Jackie Fox zgwałcona przez menedżera The Runaways

Basistka The Runaways, Jackie Fox, ujawniła w wywiadzie dla "The Huffington Post", że została zgwałcona przez menedżera zespołu, zmarłego w tym roku Kima Fowleya.

Jackie Fox (na zdjęciu w czerwonej bluzce) została zgwałcona przez menedżera zespołu
Jackie Fox (na zdjęciu w czerwonej bluzce) została zgwałcona przez menedżera zespołuOficjalna strona zespołu

Jackie Fox (prawdziwe nazwisko Fuchs) ujawniła w rozmowie z serwisem, że prawie 40 lat temu, Kim Fowley odurzył ją, a następnie zgwałcił. Do ataku, na wtedy 16-letnią dziewczynę, miało dojść w Sylwestra 1976 roku w Hrabstwie Orange w Kalifornii.
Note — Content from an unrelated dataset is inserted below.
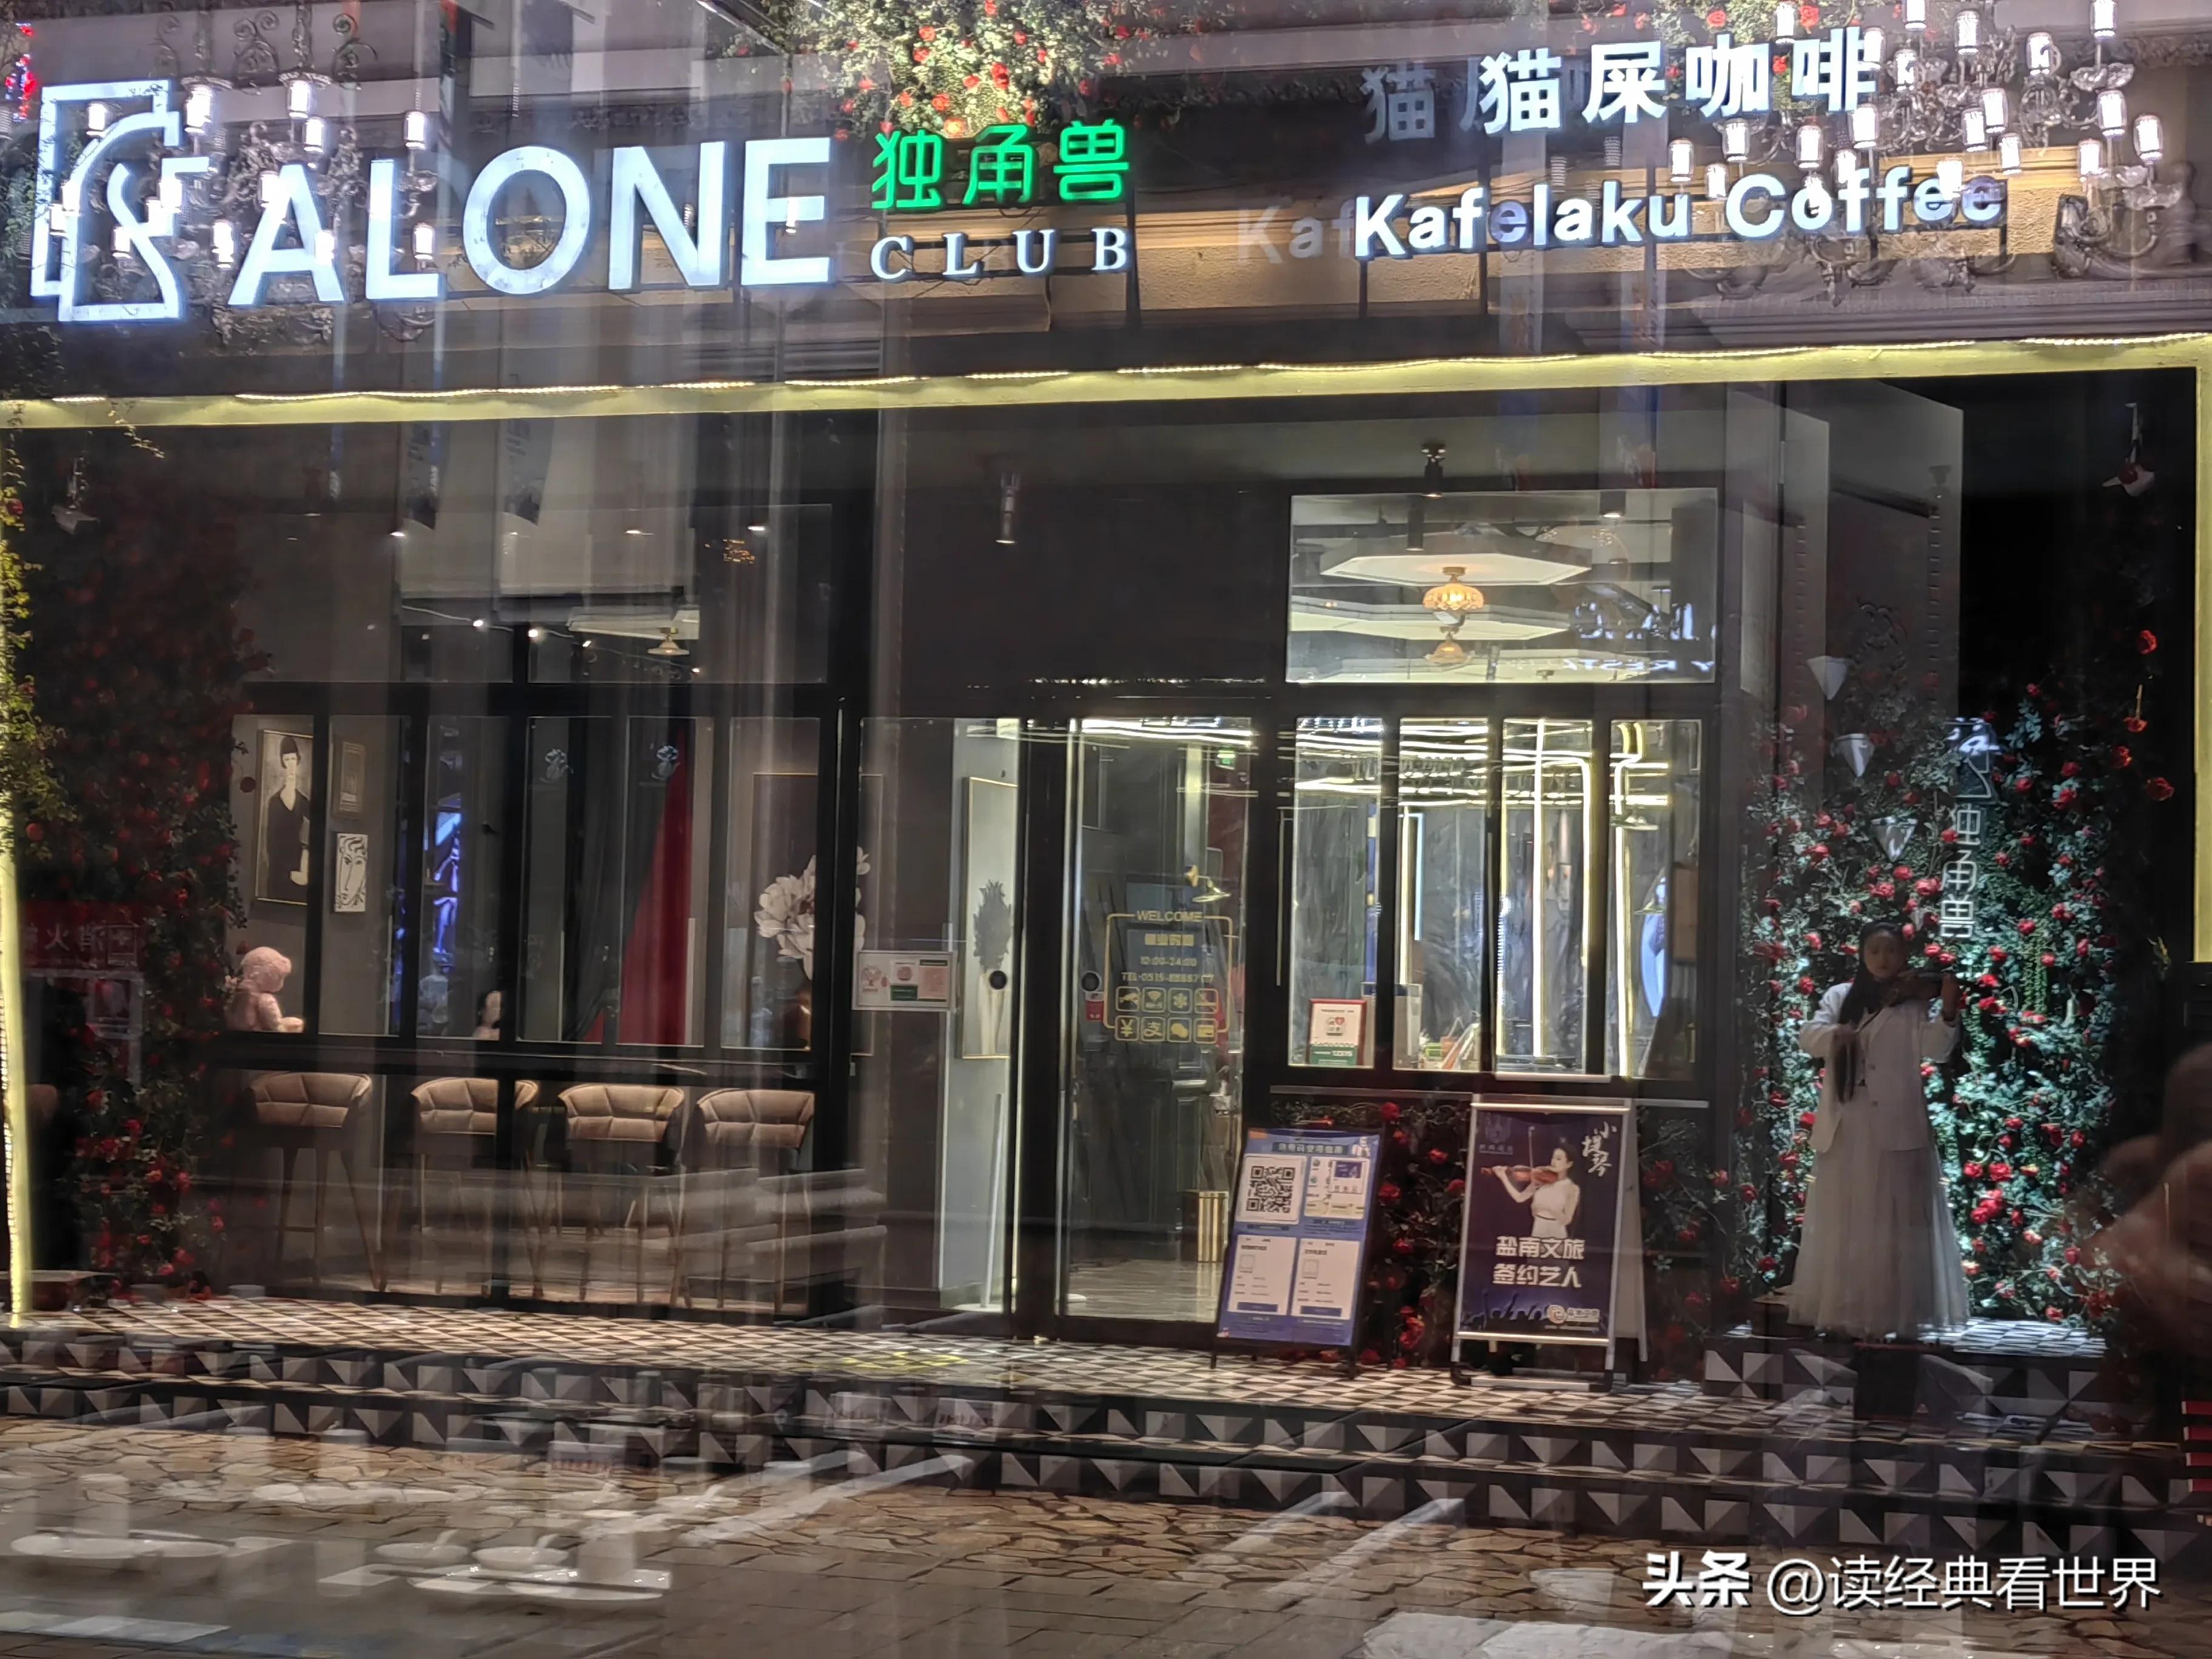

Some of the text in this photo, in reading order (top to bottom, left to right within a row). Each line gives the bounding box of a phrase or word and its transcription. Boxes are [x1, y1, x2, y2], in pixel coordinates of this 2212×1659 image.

Artystka stwierdziła, że wyjawia sprawę po tylu latach, gdyż została zainspirowana walką Keshy z Dr Luke’em oraz ujawnieniem działań Billa Cosby’ego.
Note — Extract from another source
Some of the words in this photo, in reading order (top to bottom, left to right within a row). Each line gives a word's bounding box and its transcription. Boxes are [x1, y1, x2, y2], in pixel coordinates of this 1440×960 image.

Fox zdradziła szczegóły całego zajścia. Według jej zeznań Kim Fowley miał ją najpierw odurzyć metakwalonem (swoim działaniem przypomina barbiturany), a następnie wbrew jej woli uprawiać z nią seks. Fox przyznała również, że w pokoju były inne osoby, które na to patrzyły. Jednym ze świadków miała być inna członki zespołu - Cherie Currie. Gdy zobaczyła, co się dzieje, wybiegła z pomieszczenia. Sprawa nigdy nie była dyskutowana przez dziewczyny. Świadkiem tego makabrycznego wydarzenia miała być również Joan Jett, która według ustaleń "Huffington" za wszelką ceną miała ukrywać prawdę.
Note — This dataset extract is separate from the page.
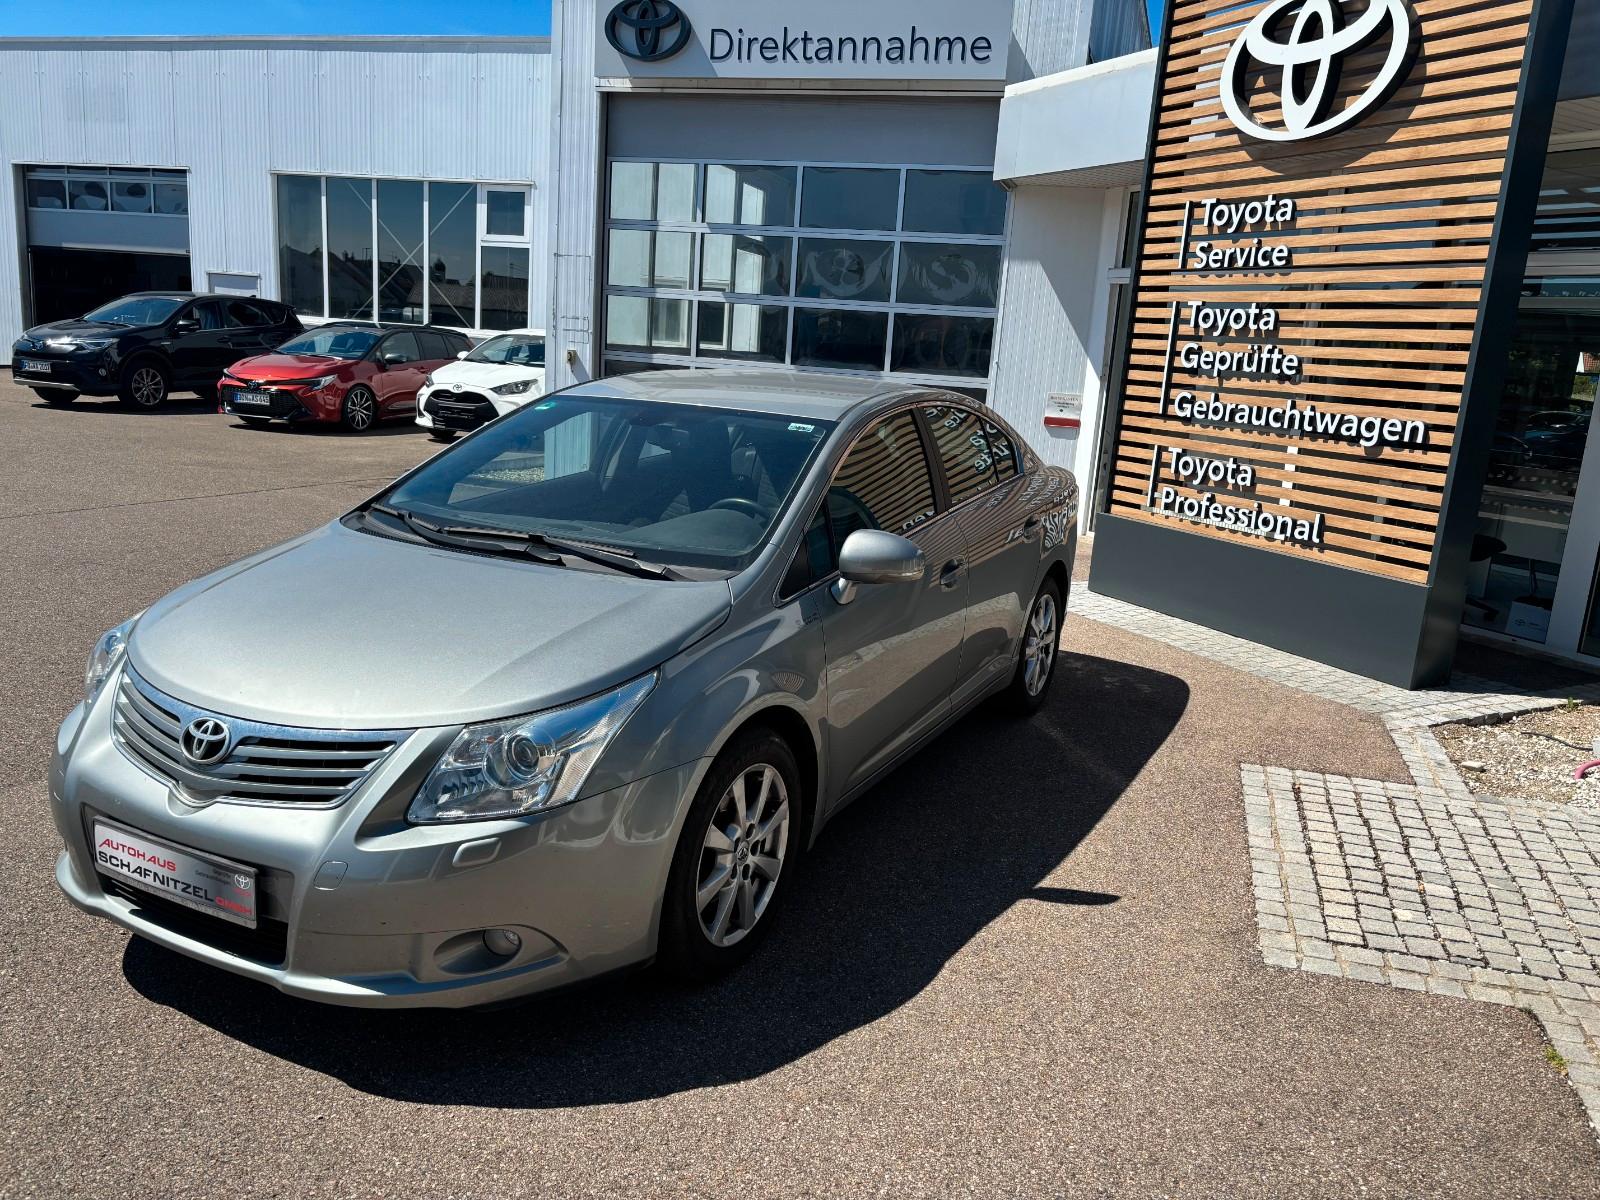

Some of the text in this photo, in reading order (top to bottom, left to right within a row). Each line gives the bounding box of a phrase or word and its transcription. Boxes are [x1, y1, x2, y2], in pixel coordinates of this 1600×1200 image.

"Nie wiesz, czym jest terror do momentu, gdy zdasz sobie sprawę, że dzieje się coś złego, a ty nie możesz nawet zareagować. Nie mogłam mówić, ani się poruszać. Jedyne co mogłam zrobić, to patrzeć mu w oczy i prosić go spojrzeniem, aby przestał. To był dla mnie horror" - wyznała Fox.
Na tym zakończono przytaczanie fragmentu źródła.